Minister Mboweni showed the courage to wake us up from the political twilight zone we have been in for too long: “We cannot go on like this. Classroom sizes are growing, hospitals are getting fuller and our communities are becoming increasingly unsafe.” We are close to a recession (economic growth in 2019 was 0,3%), debt is spiralling, and there are serious unresolved existential risks, such as Eskom. There is no more business as usual.

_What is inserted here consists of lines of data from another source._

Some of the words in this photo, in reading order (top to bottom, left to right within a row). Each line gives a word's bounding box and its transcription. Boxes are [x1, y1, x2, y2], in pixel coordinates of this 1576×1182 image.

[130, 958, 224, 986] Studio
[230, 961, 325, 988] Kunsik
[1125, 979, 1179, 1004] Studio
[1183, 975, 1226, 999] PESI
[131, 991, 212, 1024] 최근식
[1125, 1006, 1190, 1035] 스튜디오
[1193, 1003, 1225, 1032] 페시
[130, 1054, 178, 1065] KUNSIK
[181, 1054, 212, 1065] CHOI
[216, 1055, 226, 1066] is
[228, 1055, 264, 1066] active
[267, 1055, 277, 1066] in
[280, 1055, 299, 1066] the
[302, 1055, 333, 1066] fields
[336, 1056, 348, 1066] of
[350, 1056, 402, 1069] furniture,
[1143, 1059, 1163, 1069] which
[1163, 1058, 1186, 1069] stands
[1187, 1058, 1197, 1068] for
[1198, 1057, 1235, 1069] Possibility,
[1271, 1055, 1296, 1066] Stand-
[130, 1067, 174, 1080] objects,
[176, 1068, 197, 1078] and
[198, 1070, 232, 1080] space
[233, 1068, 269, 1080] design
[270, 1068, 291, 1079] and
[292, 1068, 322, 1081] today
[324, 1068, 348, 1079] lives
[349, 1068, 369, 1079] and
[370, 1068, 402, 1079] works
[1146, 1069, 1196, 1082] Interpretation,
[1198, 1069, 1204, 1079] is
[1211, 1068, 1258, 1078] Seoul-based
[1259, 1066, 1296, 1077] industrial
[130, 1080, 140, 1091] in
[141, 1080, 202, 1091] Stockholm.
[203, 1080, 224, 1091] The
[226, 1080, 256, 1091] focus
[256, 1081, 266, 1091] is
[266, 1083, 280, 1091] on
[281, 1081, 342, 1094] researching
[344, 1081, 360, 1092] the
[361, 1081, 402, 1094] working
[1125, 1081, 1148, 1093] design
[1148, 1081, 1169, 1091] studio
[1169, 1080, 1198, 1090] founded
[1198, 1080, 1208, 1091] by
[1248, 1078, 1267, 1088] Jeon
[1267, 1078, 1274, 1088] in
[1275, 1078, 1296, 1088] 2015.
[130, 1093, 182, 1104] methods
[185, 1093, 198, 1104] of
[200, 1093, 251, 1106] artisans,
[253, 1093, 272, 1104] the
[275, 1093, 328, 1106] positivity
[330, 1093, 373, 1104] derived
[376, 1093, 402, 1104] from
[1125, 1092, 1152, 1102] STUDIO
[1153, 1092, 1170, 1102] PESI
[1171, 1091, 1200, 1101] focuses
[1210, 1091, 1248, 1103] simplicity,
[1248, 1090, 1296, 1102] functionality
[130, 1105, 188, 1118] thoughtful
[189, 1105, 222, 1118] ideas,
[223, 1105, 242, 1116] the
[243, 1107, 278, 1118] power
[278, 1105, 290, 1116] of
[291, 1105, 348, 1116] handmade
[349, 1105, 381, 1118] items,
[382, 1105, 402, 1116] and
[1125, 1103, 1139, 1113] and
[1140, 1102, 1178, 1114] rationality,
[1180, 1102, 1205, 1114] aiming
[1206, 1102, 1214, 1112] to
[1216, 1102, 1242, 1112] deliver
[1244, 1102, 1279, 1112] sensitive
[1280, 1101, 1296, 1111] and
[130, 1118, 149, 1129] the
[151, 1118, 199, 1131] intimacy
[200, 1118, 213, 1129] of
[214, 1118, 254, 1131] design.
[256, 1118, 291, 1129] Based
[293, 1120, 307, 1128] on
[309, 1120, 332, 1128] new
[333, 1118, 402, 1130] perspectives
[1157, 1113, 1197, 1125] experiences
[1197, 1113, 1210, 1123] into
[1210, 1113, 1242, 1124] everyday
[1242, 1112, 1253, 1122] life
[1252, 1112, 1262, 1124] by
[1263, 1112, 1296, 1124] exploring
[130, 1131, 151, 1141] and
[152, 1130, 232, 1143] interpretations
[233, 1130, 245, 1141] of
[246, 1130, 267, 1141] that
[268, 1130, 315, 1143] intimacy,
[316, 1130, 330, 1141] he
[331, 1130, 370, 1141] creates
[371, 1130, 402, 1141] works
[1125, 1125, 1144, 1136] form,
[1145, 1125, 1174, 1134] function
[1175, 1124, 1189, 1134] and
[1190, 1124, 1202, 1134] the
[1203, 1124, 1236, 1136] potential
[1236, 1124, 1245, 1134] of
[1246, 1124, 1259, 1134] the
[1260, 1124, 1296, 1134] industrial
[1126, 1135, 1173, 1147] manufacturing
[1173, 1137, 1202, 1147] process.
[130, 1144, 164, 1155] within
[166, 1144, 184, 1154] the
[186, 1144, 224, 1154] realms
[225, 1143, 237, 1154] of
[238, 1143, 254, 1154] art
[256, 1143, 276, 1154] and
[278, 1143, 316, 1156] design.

Government has finally decided to confront what it has been speaking about for a decade: reducing public sector wages. Mboweni announced that over the next three years government will cut the public sector wage bill by a colossal R160-billion. For the last ten years the public sector wage bill has been increasing much faster than inflation, much faster than economic growth and much faster than government’s ability to collect new revenue to pay for it. Those chickens have now come home to roost.
The 2020 allocation to Basic Education has decreased from R250,2-billion to R248,6-billion, falling R12-billion short of what was needed just to keep up with inflation. Because Basic Education is still the largest single line item in the budget and is also the largest employer in the country (with over 400,000 teachers on payroll), it provides the perfect case study of rising public sector wages and the crowding out of other essential expenditures. Over the last ten years teacher salaries have risen 45% faster than inflation, outstripping increases in budget allocations and hobbling provinces.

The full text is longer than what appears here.